Task brief:
Report each line from the listing that the string "सगरम" appears in.

Data extracts:

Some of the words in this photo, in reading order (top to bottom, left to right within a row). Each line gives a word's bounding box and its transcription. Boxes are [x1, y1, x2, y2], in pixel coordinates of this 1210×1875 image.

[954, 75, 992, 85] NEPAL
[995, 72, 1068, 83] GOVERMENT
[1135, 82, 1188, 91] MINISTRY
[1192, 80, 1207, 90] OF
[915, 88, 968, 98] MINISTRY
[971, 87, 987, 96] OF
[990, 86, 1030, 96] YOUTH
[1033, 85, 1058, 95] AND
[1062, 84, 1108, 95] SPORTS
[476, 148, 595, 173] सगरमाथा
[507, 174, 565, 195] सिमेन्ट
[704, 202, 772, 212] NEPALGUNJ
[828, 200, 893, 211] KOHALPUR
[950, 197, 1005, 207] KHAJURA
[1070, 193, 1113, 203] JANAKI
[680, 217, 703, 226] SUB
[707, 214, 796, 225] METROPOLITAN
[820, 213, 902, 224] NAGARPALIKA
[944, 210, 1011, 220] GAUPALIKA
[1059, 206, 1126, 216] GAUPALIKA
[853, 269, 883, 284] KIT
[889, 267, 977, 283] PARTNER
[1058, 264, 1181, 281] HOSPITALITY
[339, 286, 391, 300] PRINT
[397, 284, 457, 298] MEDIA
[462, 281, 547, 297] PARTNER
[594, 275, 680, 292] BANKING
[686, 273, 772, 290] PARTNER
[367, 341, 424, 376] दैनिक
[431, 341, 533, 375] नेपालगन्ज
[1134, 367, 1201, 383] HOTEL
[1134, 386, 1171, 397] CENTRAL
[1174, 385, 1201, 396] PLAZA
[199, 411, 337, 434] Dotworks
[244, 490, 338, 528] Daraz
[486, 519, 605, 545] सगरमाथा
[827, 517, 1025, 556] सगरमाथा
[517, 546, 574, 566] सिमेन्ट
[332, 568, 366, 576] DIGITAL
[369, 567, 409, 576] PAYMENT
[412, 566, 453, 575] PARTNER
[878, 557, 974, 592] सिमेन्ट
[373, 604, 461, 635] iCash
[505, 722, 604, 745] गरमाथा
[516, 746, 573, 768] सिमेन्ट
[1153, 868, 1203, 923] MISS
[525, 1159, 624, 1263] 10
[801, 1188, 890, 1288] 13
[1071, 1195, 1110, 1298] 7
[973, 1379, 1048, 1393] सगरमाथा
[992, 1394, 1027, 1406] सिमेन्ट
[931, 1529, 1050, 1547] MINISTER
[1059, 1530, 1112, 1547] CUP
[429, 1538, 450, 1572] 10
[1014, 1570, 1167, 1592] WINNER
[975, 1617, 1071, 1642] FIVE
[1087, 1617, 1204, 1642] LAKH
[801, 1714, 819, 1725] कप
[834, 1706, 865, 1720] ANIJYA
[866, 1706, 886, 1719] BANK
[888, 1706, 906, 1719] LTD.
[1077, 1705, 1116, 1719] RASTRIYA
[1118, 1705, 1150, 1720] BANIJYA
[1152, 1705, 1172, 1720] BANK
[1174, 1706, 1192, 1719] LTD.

Task response:
[476, 148, 595, 173] सगरमाथा
[486, 519, 605, 545] सगरमाथा
[827, 517, 1025, 556] सगरमाथा
[973, 1379, 1048, 1393] सगरमाथा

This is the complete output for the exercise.